Losing loved ones accelerates biological aging and impacts long-term health

By Tarun Sai LomteReviewed by Susha Cheriyedath, M.Sc.Jul 30 2024

In a recent study published in the journal JAMA Network Open, researchers in the United States evaluated the associations between the loss of a family member and biological aging.

The relationship between health and bereavement throughout life is well established. Nevertheless, specific life stages may be susceptible to health and mortality risks. For example, the loss of a sibling or parent in early life is traumatic and linked to cognitive impairment, poor mental health, and higher cardiometabolic and mortality risks later in life. However, familial death at any age poses health risks.

Moreover, repeated losses compound health risks. Biological aging is the progressive loss of resilience and integrity of cells, tissues, and organs. It is measured using the deoxyribonucleic acid (DNA) methylation algorithms called the epigenetic clocks. Only a few studies have investigated associations between aging markers and loss across developmental periods.

Study: Familial Loss of a Loved One and Biological Aging. Image Credit: Valery Zotev / Shutterstock

About the study

In the present study, researchers evaluated associations between familial loss and biological aging. They used data from ‘Add Health,’ a nationally representative longitudinal cohort in the United States (US). The cohort enrolled participants in 1994-95 and followed them up through wave 5 in 2018. The fifth wave involved an additional home examination for blood sample collection.

Participants with blood samples who reported loss(es) were included. Between 2018 and 2024, the team profiled and constructed clocks using whole-blood DNA from 4,700 wave 5 participants. They calculated four biological clocks: DunedinPACE, Horvath, PhenoAge, and GrimAge. DunedinPACE measures the pace of aging, while the other three measure epigenetic age acceleration.

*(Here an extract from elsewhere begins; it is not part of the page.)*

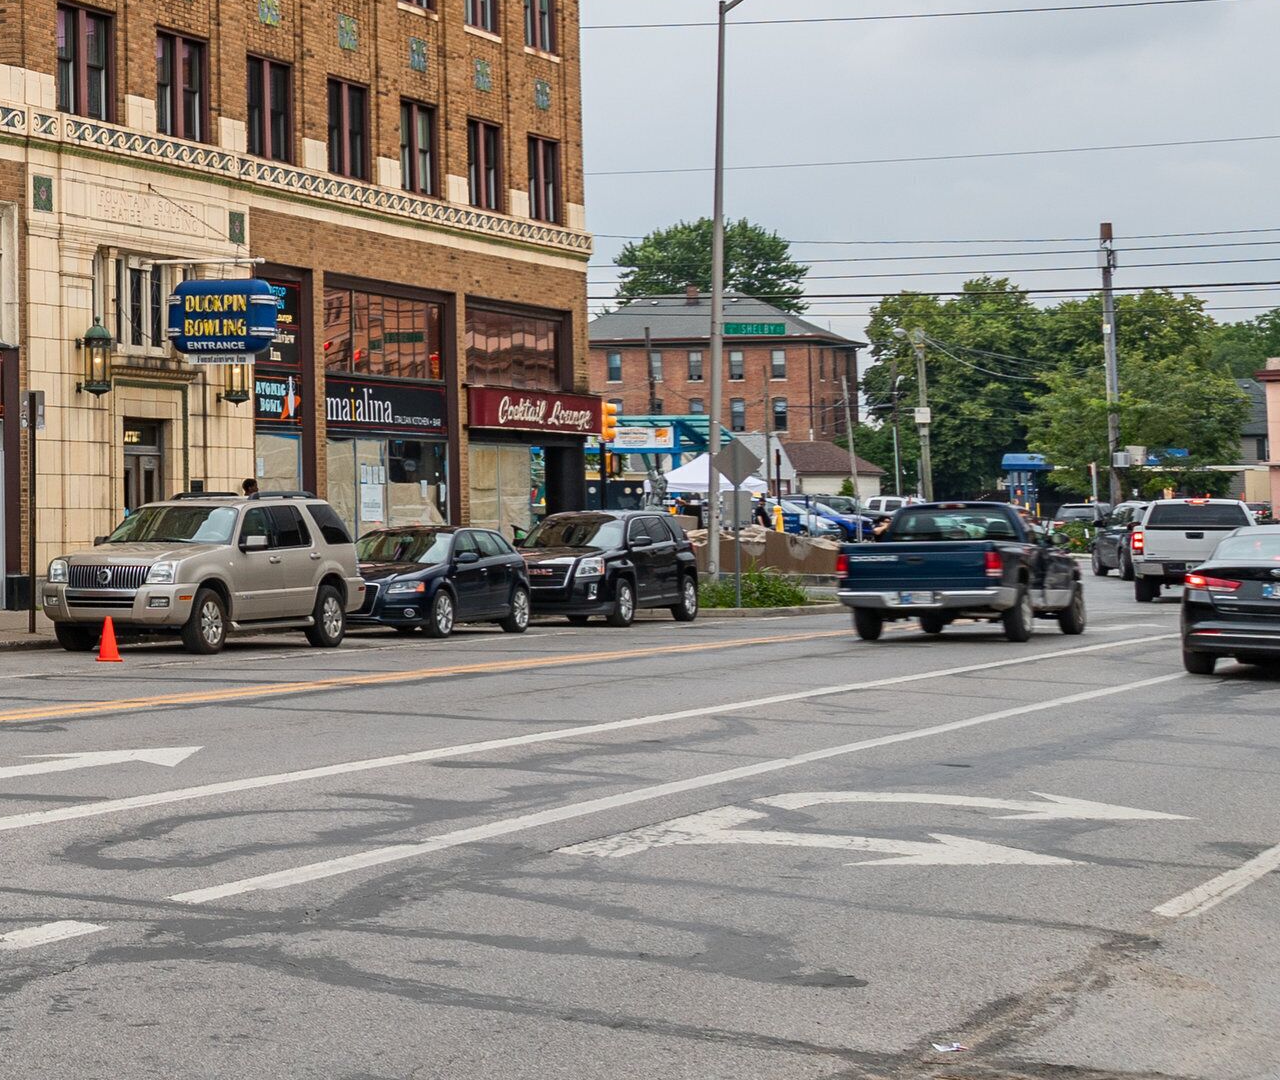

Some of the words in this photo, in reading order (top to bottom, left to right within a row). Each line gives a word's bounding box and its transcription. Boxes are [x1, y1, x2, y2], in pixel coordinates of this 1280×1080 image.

The death of a parent, sibling, partner/spouse, or child was included, and total losses were pooled. Parental loss at any time across waves was assessed. Loss at varying developmental periods (childhood, adolescence, and adulthood) was classified. Any loss in adolescence or childhood included deaths of parents and siblings before the participant was aged 18.

Losses in adulthood included parent, spouse, child, and sibling deaths when the participant was aged ≥ 18. Covariates included chronological age, ethnicity/race, household income, parental education, and smoking. Linear regression models assessed the associations between the number of losses and biological aging measures, adjusted for covariates.

Findings

Overall, the sample included 3,963 participants aged 38.36, on average, at the fifth wave. Around 50.3% of subjects were males, 72.5% were White, and 16% were Black. Approximately 40% of participants experienced at least one loss. Parental loss was the most common loss, and most losses occurred during adulthood.

DunedinPACE, GrimAge, and PhenoAge increased with the number of losses. Participants with only one loss had older biological age on DunedinPACE and GrimAge clocks relative to those without loss. Individuals with ≥ 2 losses were likely to have older biological ages on DunedinPACE, GrimAge, and PhenoAge clocks but not Horvath.

Individuals with parental loss in childhood, adolescence, or adulthood were likely to have an older GrimAge, DunedinPACE, and PhenoAge than those without loss. Parental loss was not associated with biological aging on the Horvath clock. Participants with any loss during adolescence or childhood had similar biological age to those with no loss in childhood.

By contrast, subjects with any loss in adulthood had older biological ages on DunedinPACE and GrimAge clocks than those without any loss in adulthood. Further, the biological ages of participants with and without a parental loss in childhood were similar. Conversely, individuals with parental loss in adulthood had older biological ages on all clocks except the Horvath clock.

Conclusions

The results indicate that accelerated biological aging might be a key mechanism linking exposure to familial death with later morbidity/mortality risks. Loss experiences were associated with older biological age and a higher pace of aging, as measured by GrimAge, PhenoAge, and DunedinPACE. No associations were observed between loss and biological aging measured by the Horvath clock.

Further, losses in adulthood had greater associations with biological aging than those in adolescence or childhood. Together, the findings illustrate how familial loss affects biological aging and, thereby, health and mortality. Future studies should emphasize social support and develop coping strategies to mitigate the negative impact of loss on aging.